▶ [REQUIRED WORK]
Repeat the records below verbatim and include no pictures.
----- SOURCE MATERIAL
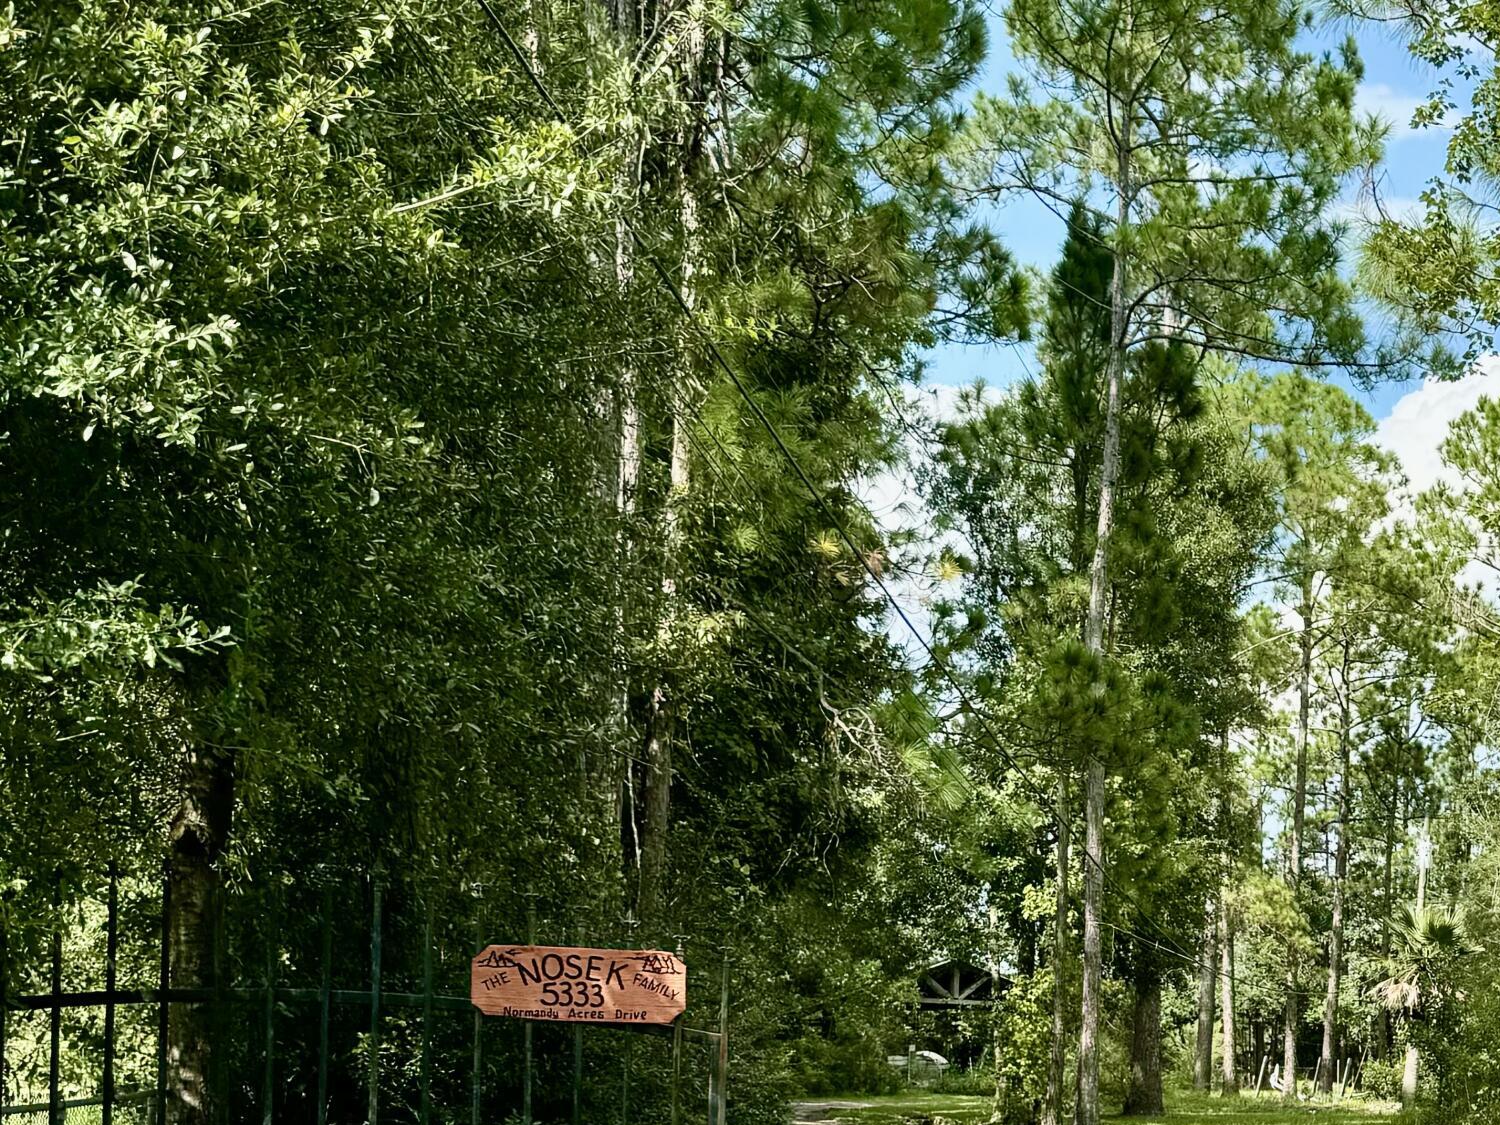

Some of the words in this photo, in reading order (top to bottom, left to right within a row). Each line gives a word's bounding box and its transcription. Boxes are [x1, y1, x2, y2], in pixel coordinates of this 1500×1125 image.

[481, 972, 511, 991] THE
[517, 954, 629, 990] NOSEK
[632, 973, 680, 1001] FAMILY
[539, 981, 605, 1008] 5333
[502, 1005, 560, 1020] Normandy
[567, 1008, 605, 1020] Acres
[615, 1009, 648, 1020] Drive
----------
▶ [EXPECTED ANSWER]
Some of the words in this photo, in reading order (top to bottom, left to right within a row). Each line gives a word's bounding box and its transcription. Boxes are [x1, y1, x2, y2], in pixel coordinates of this 1500×1125 image.

[481, 972, 511, 991] THE
[517, 954, 629, 990] NOSEK
[632, 973, 680, 1001] FAMILY
[539, 981, 605, 1008] 5333
[502, 1005, 560, 1020] Normandy
[567, 1008, 605, 1020] Acres
[615, 1009, 648, 1020] Drive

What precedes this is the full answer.